- **PROBLEM**: What you give back must match the data character for character.

- **THE DATA**:

· · ·

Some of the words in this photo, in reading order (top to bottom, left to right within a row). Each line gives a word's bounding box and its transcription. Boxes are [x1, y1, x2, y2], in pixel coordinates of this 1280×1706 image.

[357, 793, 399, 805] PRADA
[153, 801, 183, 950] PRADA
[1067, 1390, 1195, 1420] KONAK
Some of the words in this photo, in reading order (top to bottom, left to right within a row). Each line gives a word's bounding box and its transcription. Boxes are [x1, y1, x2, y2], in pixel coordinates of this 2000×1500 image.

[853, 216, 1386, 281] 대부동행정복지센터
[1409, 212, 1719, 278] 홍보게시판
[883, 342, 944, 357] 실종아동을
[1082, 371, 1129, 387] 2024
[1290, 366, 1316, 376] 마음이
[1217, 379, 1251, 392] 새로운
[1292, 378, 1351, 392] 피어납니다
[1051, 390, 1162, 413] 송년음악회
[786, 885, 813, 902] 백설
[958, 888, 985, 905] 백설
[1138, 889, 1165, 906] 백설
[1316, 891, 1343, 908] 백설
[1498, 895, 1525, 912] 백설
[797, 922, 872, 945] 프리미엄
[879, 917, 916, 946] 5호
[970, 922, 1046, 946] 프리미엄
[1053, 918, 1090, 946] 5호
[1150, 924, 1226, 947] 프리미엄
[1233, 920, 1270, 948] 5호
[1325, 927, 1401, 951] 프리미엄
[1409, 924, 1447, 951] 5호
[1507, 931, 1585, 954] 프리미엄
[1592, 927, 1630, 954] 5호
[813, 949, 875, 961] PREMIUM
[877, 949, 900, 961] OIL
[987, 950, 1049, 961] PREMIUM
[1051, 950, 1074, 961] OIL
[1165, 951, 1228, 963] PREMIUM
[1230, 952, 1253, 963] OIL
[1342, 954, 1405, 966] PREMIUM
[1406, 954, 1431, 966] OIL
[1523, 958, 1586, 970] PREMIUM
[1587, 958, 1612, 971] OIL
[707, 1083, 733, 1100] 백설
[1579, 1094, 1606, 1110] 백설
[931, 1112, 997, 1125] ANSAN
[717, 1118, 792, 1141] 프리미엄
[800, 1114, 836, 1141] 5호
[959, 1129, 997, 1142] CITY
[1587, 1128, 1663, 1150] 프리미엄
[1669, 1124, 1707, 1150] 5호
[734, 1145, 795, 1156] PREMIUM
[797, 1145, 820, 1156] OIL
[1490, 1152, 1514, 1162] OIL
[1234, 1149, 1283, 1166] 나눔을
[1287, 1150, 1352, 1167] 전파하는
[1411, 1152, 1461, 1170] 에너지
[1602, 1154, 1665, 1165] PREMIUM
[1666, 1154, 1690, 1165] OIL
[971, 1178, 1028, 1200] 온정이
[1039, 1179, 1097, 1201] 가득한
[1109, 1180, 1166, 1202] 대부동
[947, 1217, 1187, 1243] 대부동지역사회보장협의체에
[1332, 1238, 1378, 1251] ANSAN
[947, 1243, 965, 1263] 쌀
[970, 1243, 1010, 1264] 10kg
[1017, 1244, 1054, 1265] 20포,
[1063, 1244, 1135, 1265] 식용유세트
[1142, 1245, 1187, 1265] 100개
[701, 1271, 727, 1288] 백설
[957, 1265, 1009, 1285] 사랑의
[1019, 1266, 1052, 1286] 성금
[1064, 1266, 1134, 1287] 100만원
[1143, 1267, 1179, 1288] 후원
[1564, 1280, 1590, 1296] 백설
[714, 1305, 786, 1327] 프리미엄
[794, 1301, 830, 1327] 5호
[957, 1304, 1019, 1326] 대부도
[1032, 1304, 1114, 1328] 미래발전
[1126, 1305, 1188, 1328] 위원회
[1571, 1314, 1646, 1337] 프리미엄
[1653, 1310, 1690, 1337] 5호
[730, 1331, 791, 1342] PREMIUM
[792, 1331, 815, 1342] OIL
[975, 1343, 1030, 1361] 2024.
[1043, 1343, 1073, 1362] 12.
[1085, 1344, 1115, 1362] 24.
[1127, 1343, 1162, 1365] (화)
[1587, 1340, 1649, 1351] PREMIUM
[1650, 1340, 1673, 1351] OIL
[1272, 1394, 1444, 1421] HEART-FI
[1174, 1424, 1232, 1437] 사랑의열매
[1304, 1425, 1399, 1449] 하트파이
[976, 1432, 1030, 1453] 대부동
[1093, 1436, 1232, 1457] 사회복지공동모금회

· · ·

- **SOLUTION**:
Some of the words in this photo, in reading order (top to bottom, left to right within a row). Each line gives a word's bounding box and its transcription. Boxes are [x1, y1, x2, y2], in pixel coordinates of this 1280×1706 image.

[357, 793, 399, 805] PRADA
[153, 801, 183, 950] PRADA
[1067, 1390, 1195, 1420] KONAK
Some of the words in this photo, in reading order (top to bottom, left to right within a row). Each line gives a word's bounding box and its transcription. Boxes are [x1, y1, x2, y2], in pixel coordinates of this 2000×1500 image.

[853, 216, 1386, 281] 대부동행정복지센터
[1409, 212, 1719, 278] 홍보게시판
[883, 342, 944, 357] 실종아동을
[1082, 371, 1129, 387] 2024
[1290, 366, 1316, 376] 마음이
[1217, 379, 1251, 392] 새로운
[1292, 378, 1351, 392] 피어납니다
[1051, 390, 1162, 413] 송년음악회
[786, 885, 813, 902] 백설
[958, 888, 985, 905] 백설
[1138, 889, 1165, 906] 백설
[1316, 891, 1343, 908] 백설
[1498, 895, 1525, 912] 백설
[797, 922, 872, 945] 프리미엄
[879, 917, 916, 946] 5호
[970, 922, 1046, 946] 프리미엄
[1053, 918, 1090, 946] 5호
[1150, 924, 1226, 947] 프리미엄
[1233, 920, 1270, 948] 5호
[1325, 927, 1401, 951] 프리미엄
[1409, 924, 1447, 951] 5호
[1507, 931, 1585, 954] 프리미엄
[1592, 927, 1630, 954] 5호
[813, 949, 875, 961] PREMIUM
[877, 949, 900, 961] OIL
[987, 950, 1049, 961] PREMIUM
[1051, 950, 1074, 961] OIL
[1165, 951, 1228, 963] PREMIUM
[1230, 952, 1253, 963] OIL
[1342, 954, 1405, 966] PREMIUM
[1406, 954, 1431, 966] OIL
[1523, 958, 1586, 970] PREMIUM
[1587, 958, 1612, 971] OIL
[707, 1083, 733, 1100] 백설
[1579, 1094, 1606, 1110] 백설
[931, 1112, 997, 1125] ANSAN
[717, 1118, 792, 1141] 프리미엄
[800, 1114, 836, 1141] 5호
[959, 1129, 997, 1142] CITY
[1587, 1128, 1663, 1150] 프리미엄
[1669, 1124, 1707, 1150] 5호
[734, 1145, 795, 1156] PREMIUM
[797, 1145, 820, 1156] OIL
[1490, 1152, 1514, 1162] OIL
[1234, 1149, 1283, 1166] 나눔을
[1287, 1150, 1352, 1167] 전파하는
[1411, 1152, 1461, 1170] 에너지
[1602, 1154, 1665, 1165] PREMIUM
[1666, 1154, 1690, 1165] OIL
[971, 1178, 1028, 1200] 온정이
[1039, 1179, 1097, 1201] 가득한
[1109, 1180, 1166, 1202] 대부동
[947, 1217, 1187, 1243] 대부동지역사회보장협의체에
[1332, 1238, 1378, 1251] ANSAN
[947, 1243, 965, 1263] 쌀
[970, 1243, 1010, 1264] 10kg
[1017, 1244, 1054, 1265] 20포,
[1063, 1244, 1135, 1265] 식용유세트
[1142, 1245, 1187, 1265] 100개
[701, 1271, 727, 1288] 백설
[957, 1265, 1009, 1285] 사랑의
[1019, 1266, 1052, 1286] 성금
[1064, 1266, 1134, 1287] 100만원
[1143, 1267, 1179, 1288] 후원
[1564, 1280, 1590, 1296] 백설
[714, 1305, 786, 1327] 프리미엄
[794, 1301, 830, 1327] 5호
[957, 1304, 1019, 1326] 대부도
[1032, 1304, 1114, 1328] 미래발전
[1126, 1305, 1188, 1328] 위원회
[1571, 1314, 1646, 1337] 프리미엄
[1653, 1310, 1690, 1337] 5호
[730, 1331, 791, 1342] PREMIUM
[792, 1331, 815, 1342] OIL
[975, 1343, 1030, 1361] 2024.
[1043, 1343, 1073, 1362] 12.
[1085, 1344, 1115, 1362] 24.
[1127, 1343, 1162, 1365] (화)
[1587, 1340, 1649, 1351] PREMIUM
[1650, 1340, 1673, 1351] OIL
[1272, 1394, 1444, 1421] HEART-FI
[1174, 1424, 1232, 1437] 사랑의열매
[1304, 1425, 1399, 1449] 하트파이
[976, 1432, 1030, 1453] 대부동
[1093, 1436, 1232, 1457] 사회복지공동모금회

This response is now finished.